Friday, 3 February 2017

VegUtopia

The future's bright, the future's green!

The BBC's movie set in a vegan future, Carnage: Swallowing the Past (directed by Simon Amstell, and featuring Grime MC JME) adds to a rich history of vegan Utopias. Not least HG Wells's debut novel, The Time Machine.
Here's a piece I wrote about it in The Victorian Vegan:

The Victorian Vegan Time Machine

First published in 1895, the novella epitomises the Victorian age. Our hero explains time travel to a bemused audience through a mixture of scientific theory and spiritualism. He returns the following week to recount his experiences. The dishevelled Time Traveller describes a Utopian society in the year 802,701, populated by the peaceful, vegetarian people, the Eloi. “Fruit, bye the bye, was all their diet,” he says. “These people of the remote future were strict vegetarians... I found afterwards that horses, cattle, sheep, dogs, had followed the Ichthyosaurus into extinction.”

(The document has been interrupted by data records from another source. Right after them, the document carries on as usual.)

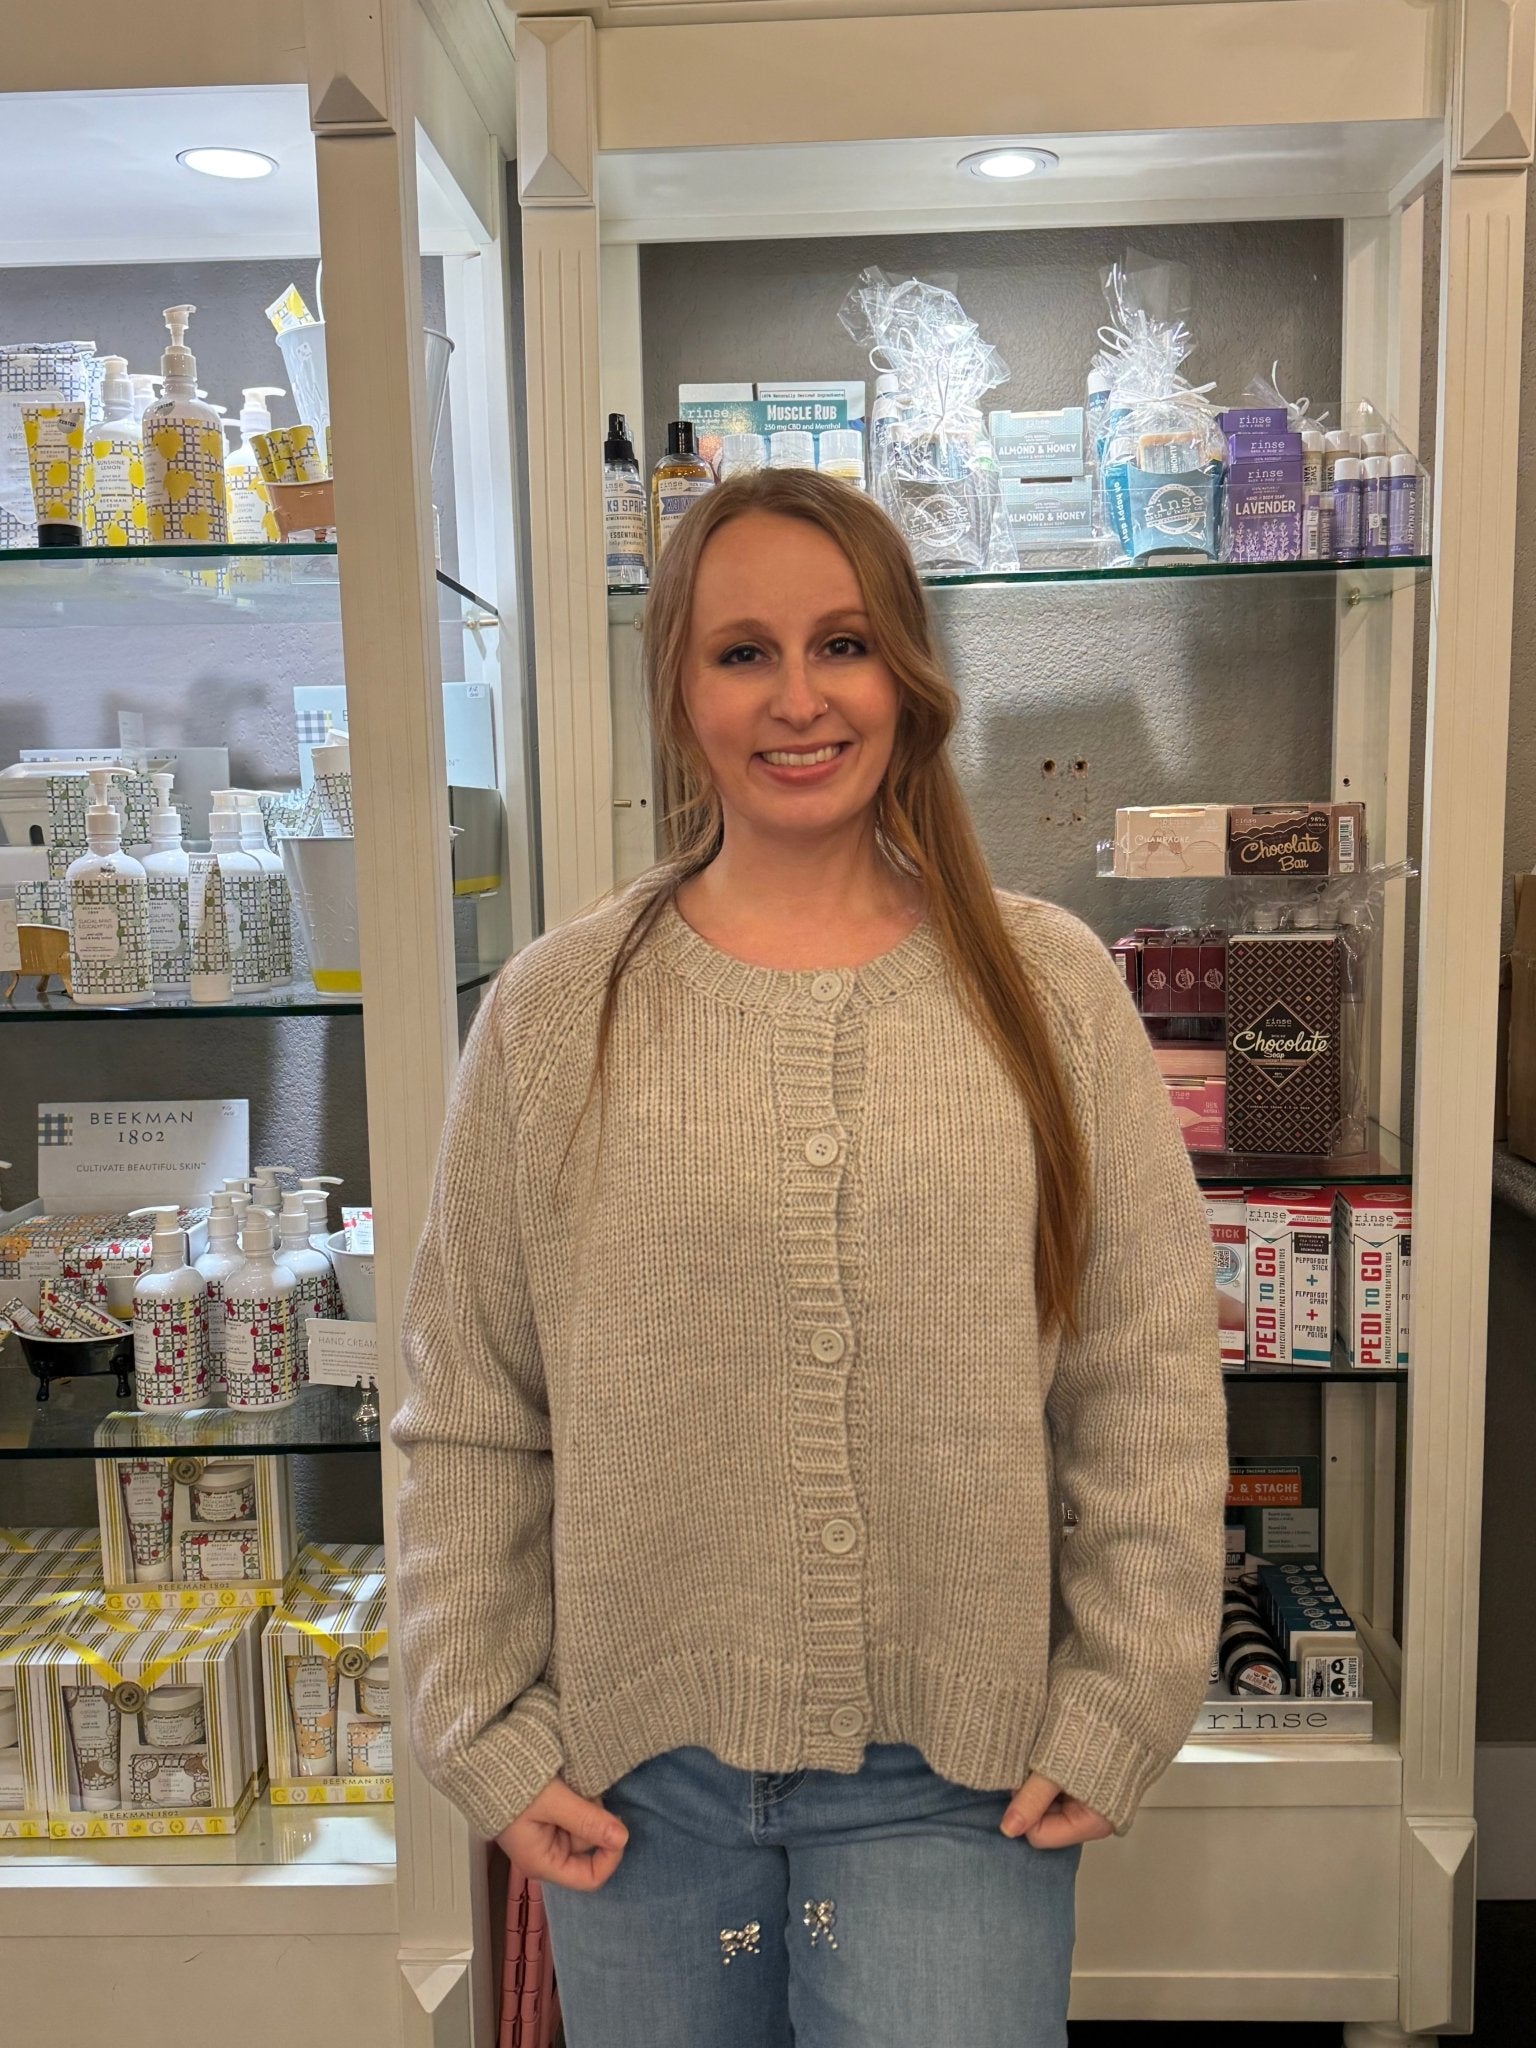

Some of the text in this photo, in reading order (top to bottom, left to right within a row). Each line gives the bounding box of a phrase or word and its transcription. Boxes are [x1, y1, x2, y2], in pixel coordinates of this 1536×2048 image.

[688, 407, 729, 418] rinse
[814, 404, 837, 420] RUB
[1239, 416, 1272, 424] rinse
[998, 443, 1077, 455] ALMOND & HONEY
[1250, 440, 1285, 449] rinse
[1247, 469, 1284, 478] rinse
[1114, 493, 1126, 521] happy
[1143, 495, 1204, 517] rinse
[1235, 500, 1296, 516] LAVENDER
[1047, 512, 1054, 521] &
[1056, 511, 1087, 520] HONEY
[1241, 833, 1321, 863] Chocolate
[1279, 856, 1309, 872] Bar
[1265, 1017, 1292, 1025] rinse
[1232, 1030, 1331, 1052] Chocolate
[1263, 1049, 1285, 1062] Soap
[90, 1111, 194, 1125] BEEKMAN
[118, 1130, 165, 1145] 1802
[76, 1164, 125, 1173] CULTIVATE
[127, 1163, 177, 1172] BEAUTIFUL
[1249, 1209, 1287, 1219] rinse
[1355, 1213, 1394, 1222] rinse
[1256, 1247, 1276, 1359] PEDI TO GO
[1360, 1252, 1382, 1364] PEDI TO GO
[318, 1337, 345, 1346] HAND
[1240, 1483, 1248, 1493] &
[1255, 1483, 1299, 1494] STACHE
[158, 1583, 206, 1591] BEEKMAN
[1207, 1707, 1328, 1730] rinse
[103, 1810, 154, 1820] BEEKMAN

However, the Time Traveller discovers the Eloi are predated upon the subterranean Morlocks, who farm them like cattle. While he watches the Eloi at play, he muses on their unfortunate plight: “Very pleasant was their day, as pleasant as the day of the cattle in the field. Like the cattle, they knew of no enemies and provided against no needs. And their end was the same.”

As much as The Time Machine can be read as a novel about science, social class, or as a ripping adventure story, it is also a vegan text; a fruitarian Utopia in which the Victorian Time Traveller falls in love with the Eloi, his revulsion of the ethics of meat farming and his plain hatred of its perpetrators, the Morlocks. The Time Traveller craves meat on his return to Victorian London, which in turn highlights the savage within Victorian society – one which history and evolution would eventually tame.


One person's Utopia is another Dystopia?